Return all of the entries below, word for word. Omit each picture.

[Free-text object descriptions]
>>>>>
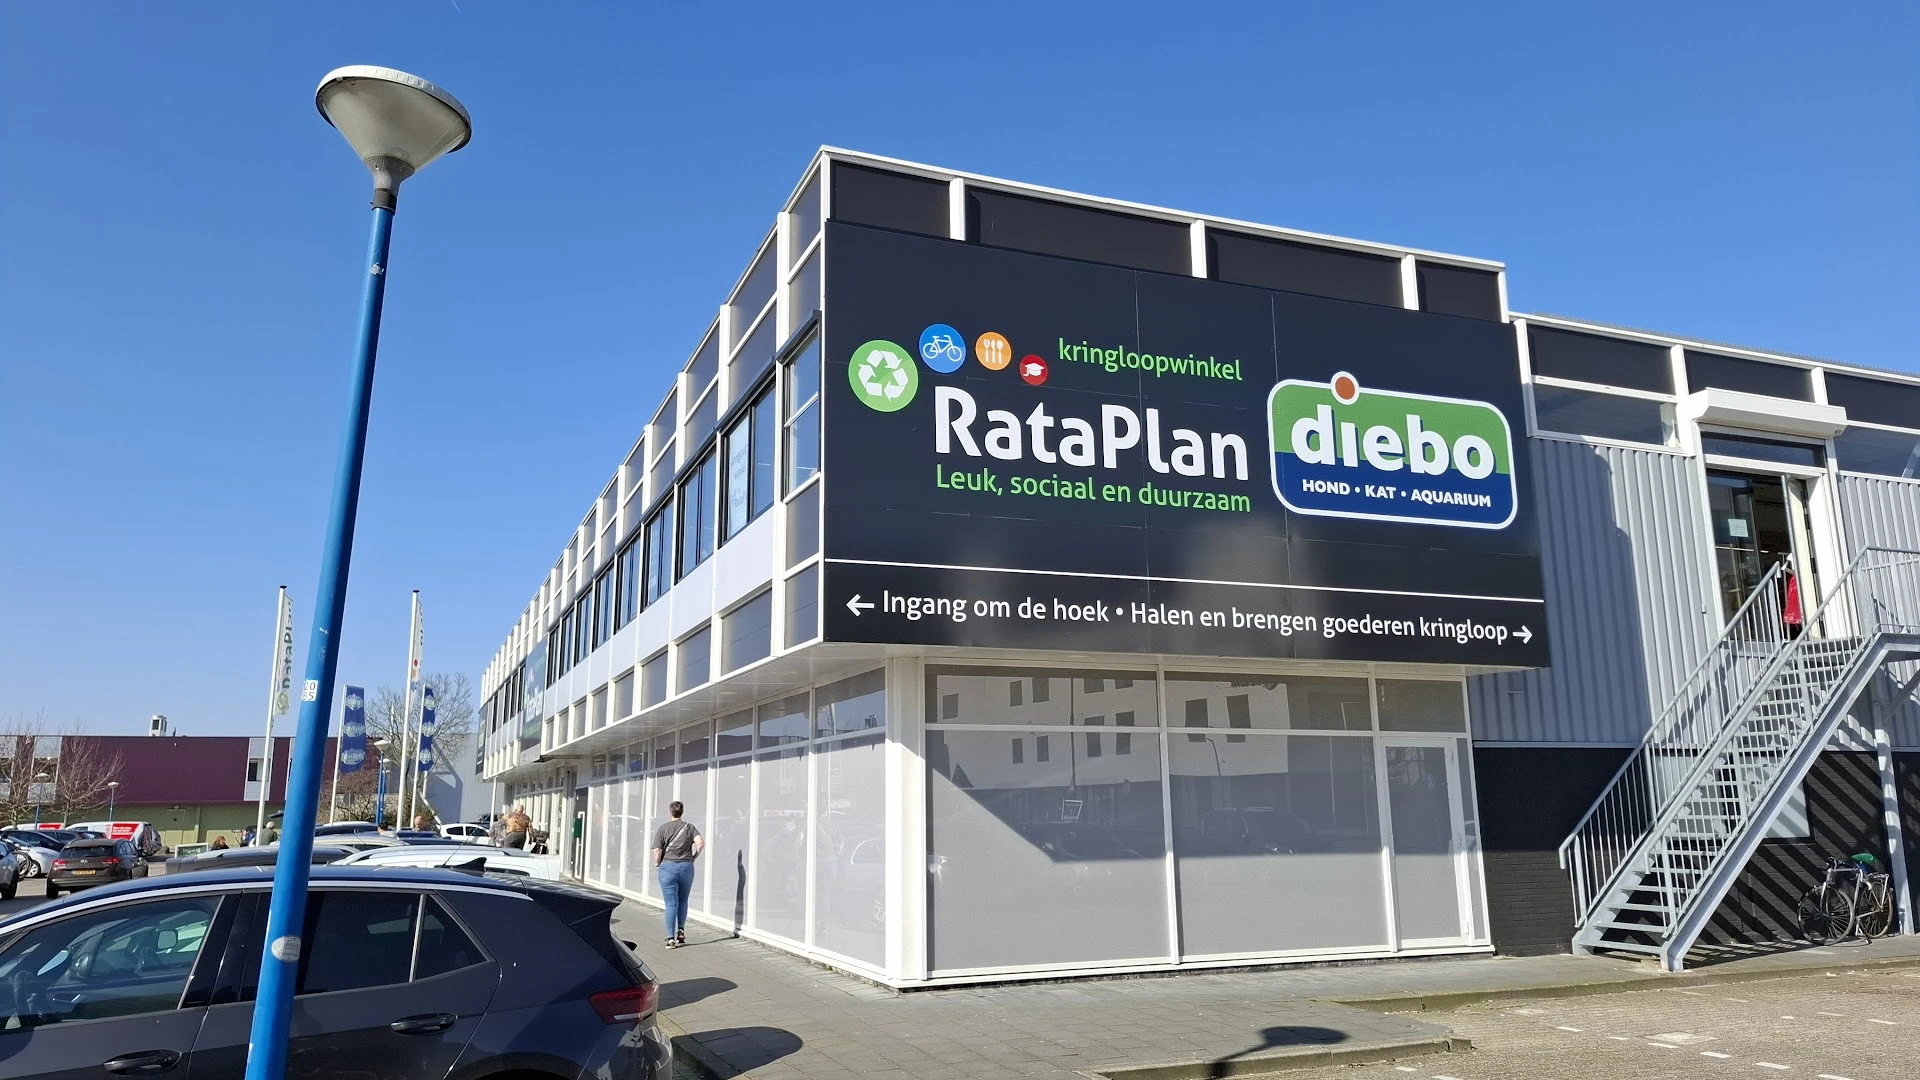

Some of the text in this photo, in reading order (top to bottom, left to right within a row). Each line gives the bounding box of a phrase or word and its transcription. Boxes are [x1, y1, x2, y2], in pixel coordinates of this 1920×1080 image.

[1059, 338, 1242, 381] kringloopwinkel
[934, 385, 1250, 481] RataPlan
[1290, 403, 1496, 480] diebo
[936, 463, 1251, 512] Leuk, sociaal en duurzaam
[1302, 478, 1492, 508] HOND KAT AQUARIUM
[883, 589, 1508, 646] Ingang om de hoek Halen en brengen goederen kringloop
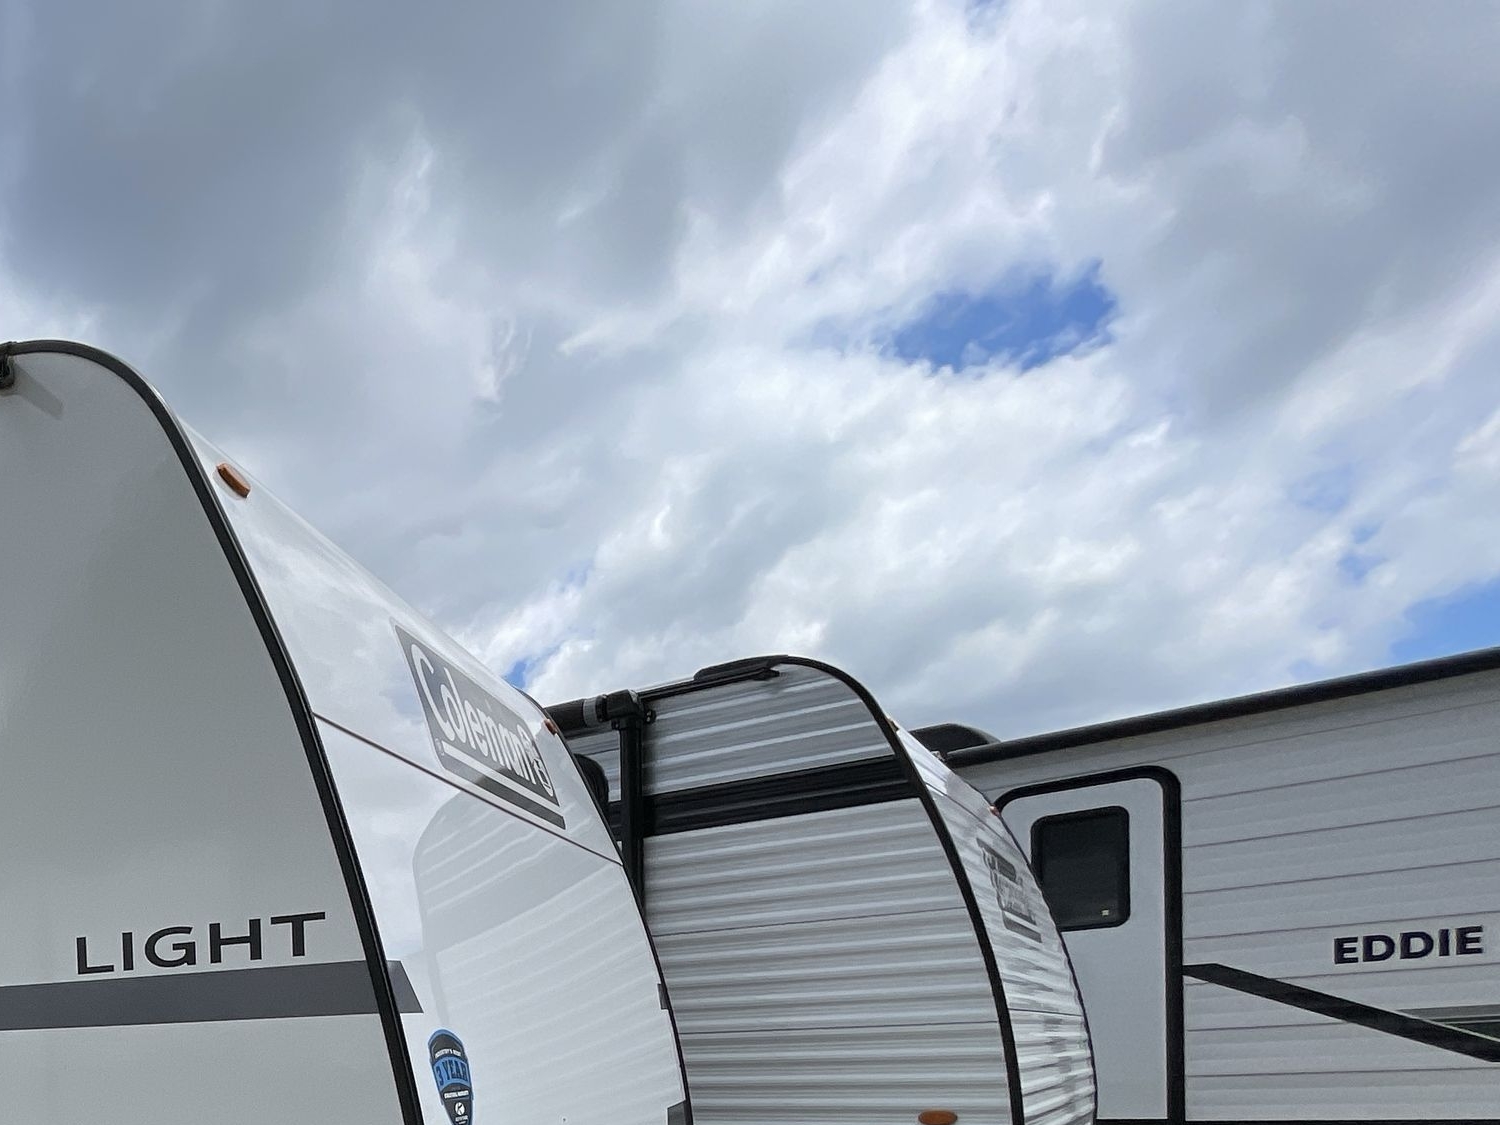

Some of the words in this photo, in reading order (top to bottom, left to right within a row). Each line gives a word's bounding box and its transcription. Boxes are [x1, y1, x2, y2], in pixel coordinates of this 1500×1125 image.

[411, 644, 537, 784] Coleman
[76, 911, 326, 975] LIGHT
[1333, 925, 1484, 965] EDDIE
[442, 1059, 469, 1082] YEAR
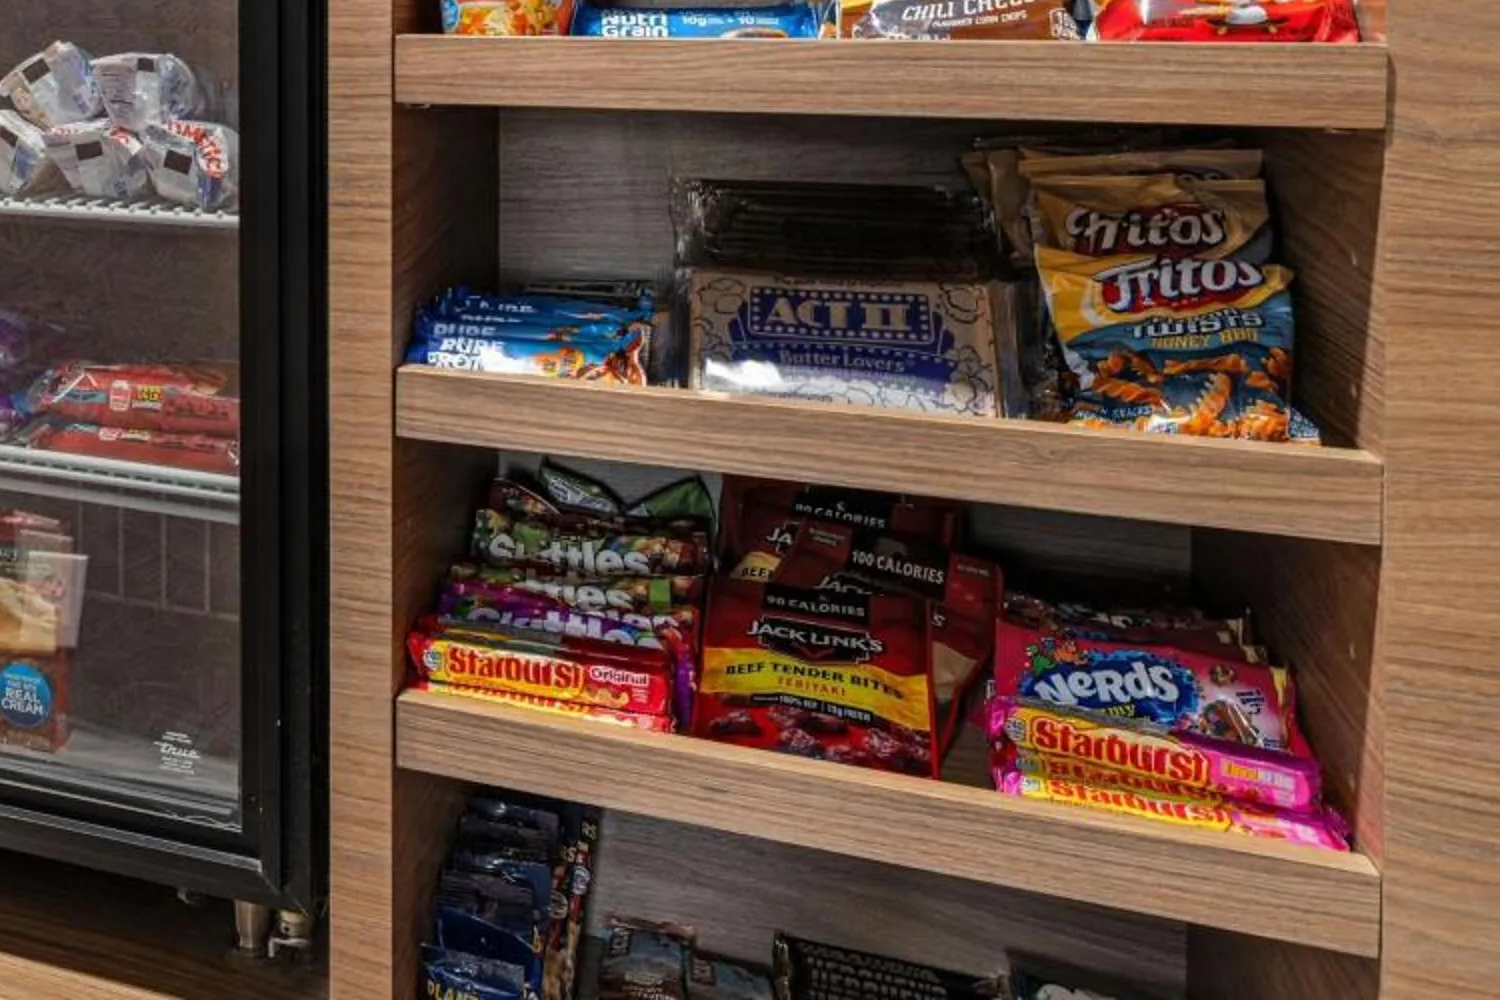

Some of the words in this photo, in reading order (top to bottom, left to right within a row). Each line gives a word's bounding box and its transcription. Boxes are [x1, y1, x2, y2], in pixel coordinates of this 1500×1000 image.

[902, 1, 954, 22] CHILI
[1094, 257, 1263, 313] Fritos
[767, 298, 853, 329] ACT
[859, 302, 913, 331] II
[781, 350, 841, 367] Butter
[844, 353, 906, 373] Lovers
[852, 549, 875, 568] 100
[876, 554, 946, 586] CALORIES
[787, 597, 866, 618] CALORIES
[747, 619, 806, 644] JACK
[449, 647, 584, 690] Starburst
[590, 667, 648, 686] Original
[725, 661, 764, 677] BEEF
[770, 662, 846, 685] TENDER
[850, 673, 906, 699] BITES
[1, 698, 44, 715] CREAM
[4, 687, 41, 704] REAL
[1035, 718, 1208, 786] Starburst
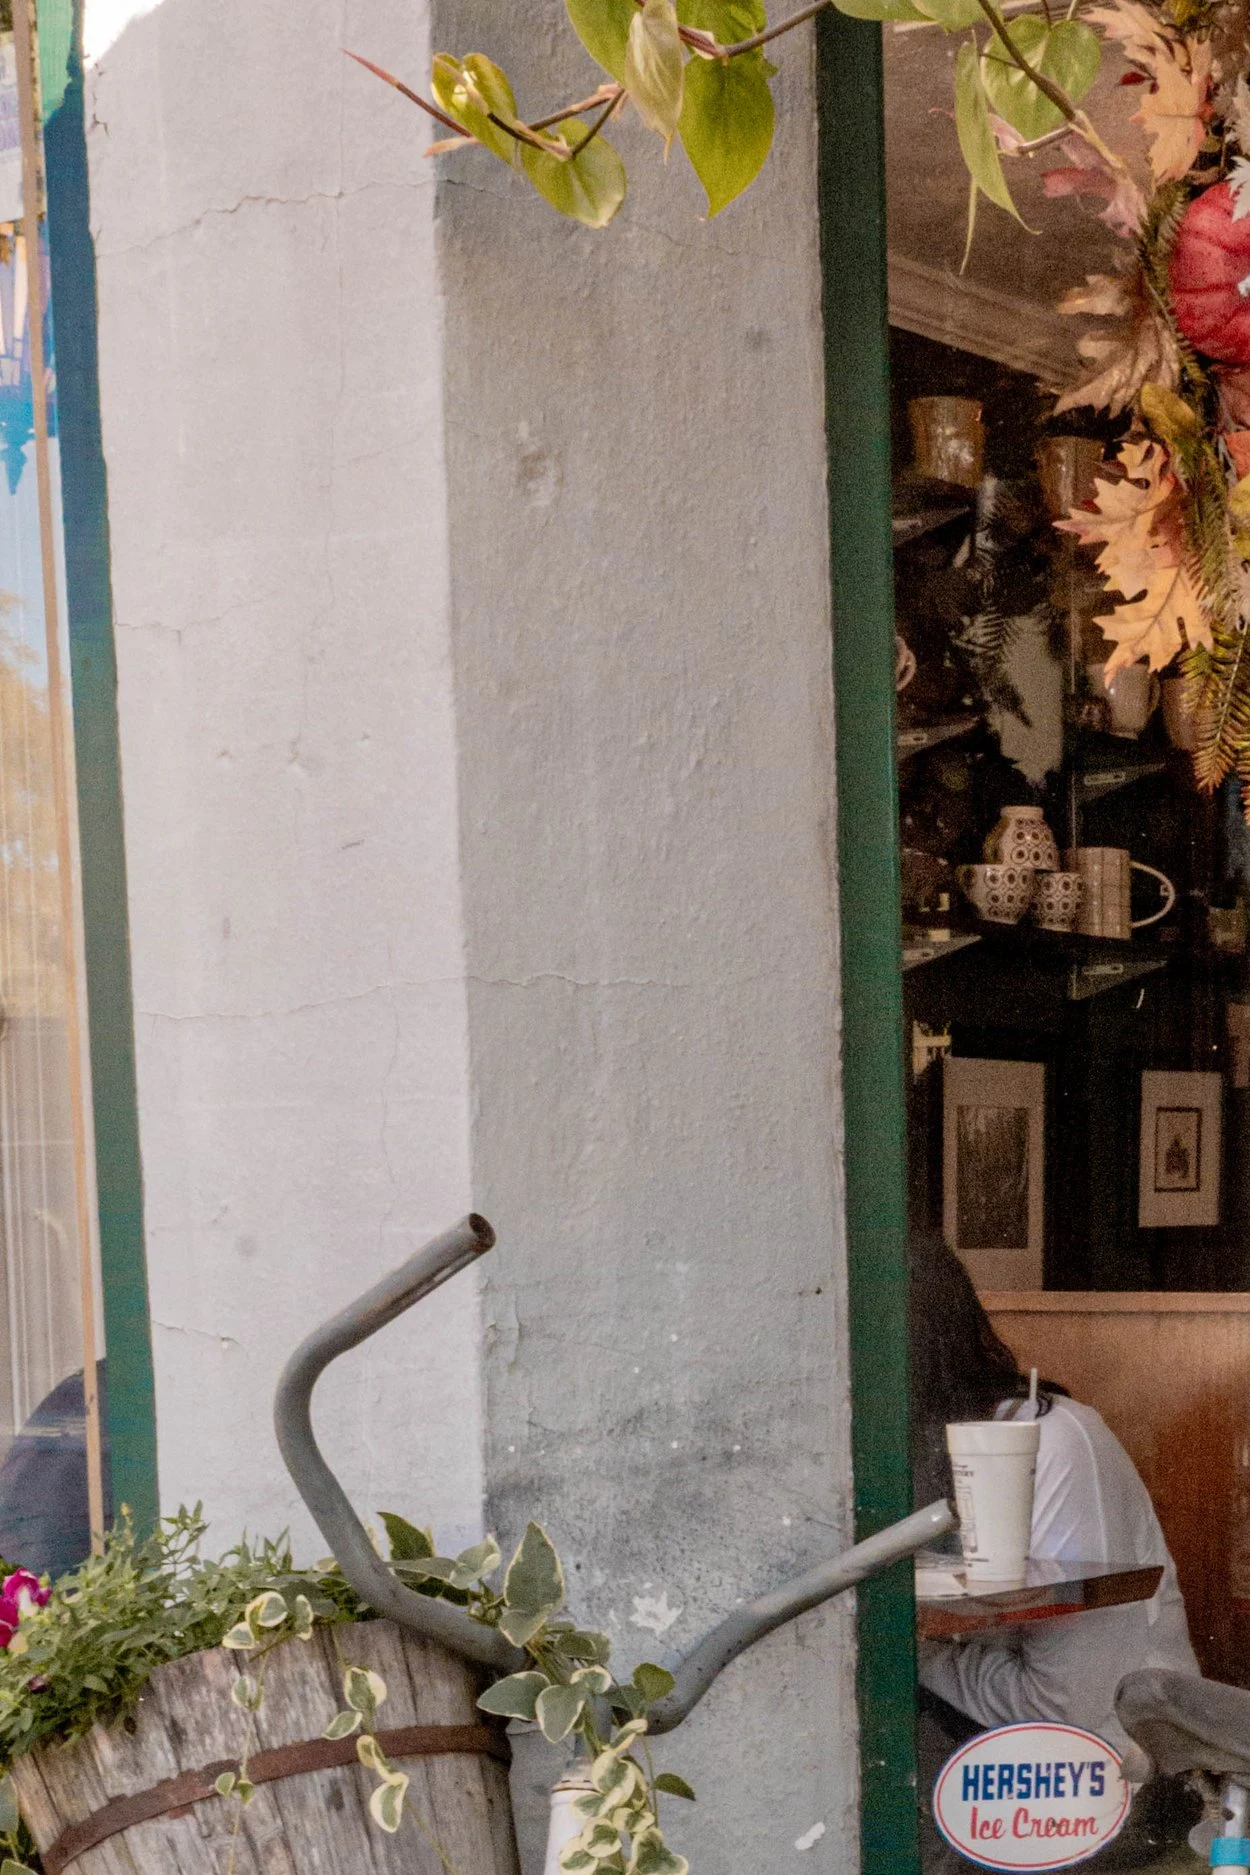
<<<<<
• TASK RESULT
Some of the text in this photo, in reading order (top to bottom, left to right within a row). Each line gives the bounding box of a phrase or word and its transcription. Boxes are [x1, y1, x2, y2], in pixel coordinates of this 1920×1080 image.

[1059, 338, 1242, 381] kringloopwinkel
[934, 385, 1250, 481] RataPlan
[1290, 403, 1496, 480] diebo
[936, 463, 1251, 512] Leuk, sociaal en duurzaam
[1302, 478, 1492, 508] HOND KAT AQUARIUM
[883, 589, 1508, 646] Ingang om de hoek Halen en brengen goederen kringloop

Some of the words in this photo, in reading order (top to bottom, left to right within a row). Each line gives a word's bounding box and its transcription. Boxes are [x1, y1, x2, y2], in pixel coordinates of this 1500×1125 image.

[411, 644, 537, 784] Coleman
[76, 911, 326, 975] LIGHT
[1333, 925, 1484, 965] EDDIE
[442, 1059, 469, 1082] YEAR

Some of the words in this photo, in reading order (top to bottom, left to right within a row). Each line gives a word's bounding box and its transcription. Boxes are [x1, y1, x2, y2], in pixel coordinates of this 1500×1000 image.

[902, 1, 954, 22] CHILI
[1094, 257, 1263, 313] Fritos
[767, 298, 853, 329] ACT
[859, 302, 913, 331] II
[781, 350, 841, 367] Butter
[844, 353, 906, 373] Lovers
[852, 549, 875, 568] 100
[876, 554, 946, 586] CALORIES
[787, 597, 866, 618] CALORIES
[747, 619, 806, 644] JACK
[449, 647, 584, 690] Starburst
[590, 667, 648, 686] Original
[725, 661, 764, 677] BEEF
[770, 662, 846, 685] TENDER
[850, 673, 906, 699] BITES
[1, 698, 44, 715] CREAM
[4, 687, 41, 704] REAL
[1035, 718, 1208, 786] Starburst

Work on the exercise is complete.